» **Work instruction**:
Repeat the data verbatim.

» **Spatial localization data**:
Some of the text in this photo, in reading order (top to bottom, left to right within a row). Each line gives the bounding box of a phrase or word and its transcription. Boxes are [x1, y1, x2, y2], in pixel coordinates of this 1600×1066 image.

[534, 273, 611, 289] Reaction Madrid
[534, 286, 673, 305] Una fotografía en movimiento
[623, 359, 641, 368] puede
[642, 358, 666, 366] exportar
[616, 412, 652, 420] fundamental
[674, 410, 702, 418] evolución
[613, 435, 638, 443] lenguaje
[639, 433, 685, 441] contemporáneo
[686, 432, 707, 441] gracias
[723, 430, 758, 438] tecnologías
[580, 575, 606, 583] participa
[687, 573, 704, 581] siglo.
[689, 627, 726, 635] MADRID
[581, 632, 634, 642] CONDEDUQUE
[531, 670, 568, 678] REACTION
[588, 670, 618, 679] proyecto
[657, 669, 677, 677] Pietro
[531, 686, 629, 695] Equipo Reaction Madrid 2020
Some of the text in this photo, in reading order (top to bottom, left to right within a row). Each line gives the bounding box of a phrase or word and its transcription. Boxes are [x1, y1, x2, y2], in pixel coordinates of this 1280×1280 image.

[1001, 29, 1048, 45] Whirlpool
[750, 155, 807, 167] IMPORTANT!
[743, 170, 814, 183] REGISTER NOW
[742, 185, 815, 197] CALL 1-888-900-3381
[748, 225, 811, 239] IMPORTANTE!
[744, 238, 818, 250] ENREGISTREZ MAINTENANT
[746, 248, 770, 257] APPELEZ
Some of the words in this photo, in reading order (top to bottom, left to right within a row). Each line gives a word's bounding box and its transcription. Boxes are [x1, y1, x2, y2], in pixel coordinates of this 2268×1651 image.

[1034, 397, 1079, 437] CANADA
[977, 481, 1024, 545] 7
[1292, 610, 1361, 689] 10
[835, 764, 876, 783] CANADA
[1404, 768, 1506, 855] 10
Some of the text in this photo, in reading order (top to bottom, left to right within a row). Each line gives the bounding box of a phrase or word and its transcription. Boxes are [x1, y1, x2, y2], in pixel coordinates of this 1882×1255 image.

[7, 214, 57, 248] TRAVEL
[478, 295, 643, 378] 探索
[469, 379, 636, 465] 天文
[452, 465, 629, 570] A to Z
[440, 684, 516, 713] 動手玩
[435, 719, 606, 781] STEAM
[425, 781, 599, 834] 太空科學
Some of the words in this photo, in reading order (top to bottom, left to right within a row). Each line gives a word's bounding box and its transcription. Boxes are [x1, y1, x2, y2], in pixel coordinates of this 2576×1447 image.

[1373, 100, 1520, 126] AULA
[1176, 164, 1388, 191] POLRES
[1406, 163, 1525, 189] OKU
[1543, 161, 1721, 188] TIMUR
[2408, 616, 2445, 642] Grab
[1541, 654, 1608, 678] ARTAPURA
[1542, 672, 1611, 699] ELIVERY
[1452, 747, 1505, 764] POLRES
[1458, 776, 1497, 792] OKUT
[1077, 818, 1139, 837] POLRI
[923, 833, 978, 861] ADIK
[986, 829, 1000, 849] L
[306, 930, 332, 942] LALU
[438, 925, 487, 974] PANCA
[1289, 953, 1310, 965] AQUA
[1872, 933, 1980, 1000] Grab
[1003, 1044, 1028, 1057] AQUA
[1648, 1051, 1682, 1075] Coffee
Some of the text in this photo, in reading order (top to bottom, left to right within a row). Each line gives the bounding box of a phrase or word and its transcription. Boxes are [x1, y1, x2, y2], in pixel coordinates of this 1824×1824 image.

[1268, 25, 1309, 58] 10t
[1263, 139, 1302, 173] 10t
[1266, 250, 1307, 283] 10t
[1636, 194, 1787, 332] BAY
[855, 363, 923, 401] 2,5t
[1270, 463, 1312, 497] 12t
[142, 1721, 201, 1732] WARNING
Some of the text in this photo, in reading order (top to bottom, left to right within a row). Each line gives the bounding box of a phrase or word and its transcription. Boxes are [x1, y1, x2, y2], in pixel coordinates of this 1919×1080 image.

» **Exercise answer**:
Some of the text in this photo, in reading order (top to bottom, left to right within a row). Each line gives the bounding box of a phrase or word and its transcription. Boxes are [x1, y1, x2, y2], in pixel coordinates of this 1600×1066 image.

[534, 273, 611, 289] Reaction Madrid
[534, 286, 673, 305] Una fotografía en movimiento
[623, 359, 641, 368] puede
[642, 358, 666, 366] exportar
[616, 412, 652, 420] fundamental
[674, 410, 702, 418] evolución
[613, 435, 638, 443] lenguaje
[639, 433, 685, 441] contemporáneo
[686, 432, 707, 441] gracias
[723, 430, 758, 438] tecnologías
[580, 575, 606, 583] participa
[687, 573, 704, 581] siglo.
[689, 627, 726, 635] MADRID
[581, 632, 634, 642] CONDEDUQUE
[531, 670, 568, 678] REACTION
[588, 670, 618, 679] proyecto
[657, 669, 677, 677] Pietro
[531, 686, 629, 695] Equipo Reaction Madrid 2020
Some of the text in this photo, in reading order (top to bottom, left to right within a row). Each line gives the bounding box of a phrase or word and its transcription. Boxes are [x1, y1, x2, y2], in pixel coordinates of this 1280×1280 image.

[1001, 29, 1048, 45] Whirlpool
[750, 155, 807, 167] IMPORTANT!
[743, 170, 814, 183] REGISTER NOW
[742, 185, 815, 197] CALL 1-888-900-3381
[748, 225, 811, 239] IMPORTANTE!
[744, 238, 818, 250] ENREGISTREZ MAINTENANT
[746, 248, 770, 257] APPELEZ
Some of the words in this photo, in reading order (top to bottom, left to right within a row). Each line gives a word's bounding box and its transcription. Boxes are [x1, y1, x2, y2], in pixel coordinates of this 2268×1651 image.

[1034, 397, 1079, 437] CANADA
[977, 481, 1024, 545] 7
[1292, 610, 1361, 689] 10
[835, 764, 876, 783] CANADA
[1404, 768, 1506, 855] 10
Some of the text in this photo, in reading order (top to bottom, left to right within a row). Each line gives the bounding box of a phrase or word and its transcription. Boxes are [x1, y1, x2, y2], in pixel coordinates of this 1882×1255 image.

[7, 214, 57, 248] TRAVEL
[478, 295, 643, 378] 探索
[469, 379, 636, 465] 天文
[452, 465, 629, 570] A to Z
[440, 684, 516, 713] 動手玩
[435, 719, 606, 781] STEAM
[425, 781, 599, 834] 太空科學
Some of the words in this photo, in reading order (top to bottom, left to right within a row). Each line gives a word's bounding box and its transcription. Boxes are [x1, y1, x2, y2], in pixel coordinates of this 2576×1447 image.

[1373, 100, 1520, 126] AULA
[1176, 164, 1388, 191] POLRES
[1406, 163, 1525, 189] OKU
[1543, 161, 1721, 188] TIMUR
[2408, 616, 2445, 642] Grab
[1541, 654, 1608, 678] ARTAPURA
[1542, 672, 1611, 699] ELIVERY
[1452, 747, 1505, 764] POLRES
[1458, 776, 1497, 792] OKUT
[1077, 818, 1139, 837] POLRI
[923, 833, 978, 861] ADIK
[986, 829, 1000, 849] L
[306, 930, 332, 942] LALU
[438, 925, 487, 974] PANCA
[1289, 953, 1310, 965] AQUA
[1872, 933, 1980, 1000] Grab
[1003, 1044, 1028, 1057] AQUA
[1648, 1051, 1682, 1075] Coffee
Some of the text in this photo, in reading order (top to bottom, left to right within a row). Each line gives the bounding box of a phrase or word and its transcription. Boxes are [x1, y1, x2, y2], in pixel coordinates of this 1824×1824 image.

[1268, 25, 1309, 58] 10t
[1263, 139, 1302, 173] 10t
[1266, 250, 1307, 283] 10t
[1636, 194, 1787, 332] BAY
[855, 363, 923, 401] 2,5t
[1270, 463, 1312, 497] 12t
[142, 1721, 201, 1732] WARNING
Some of the text in this photo, in reading order (top to bottom, left to right within a row). Each line gives the bounding box of a phrase or word and its transcription. Boxes are [x1, y1, x2, y2], in pixel coordinates of this 1919×1080 image.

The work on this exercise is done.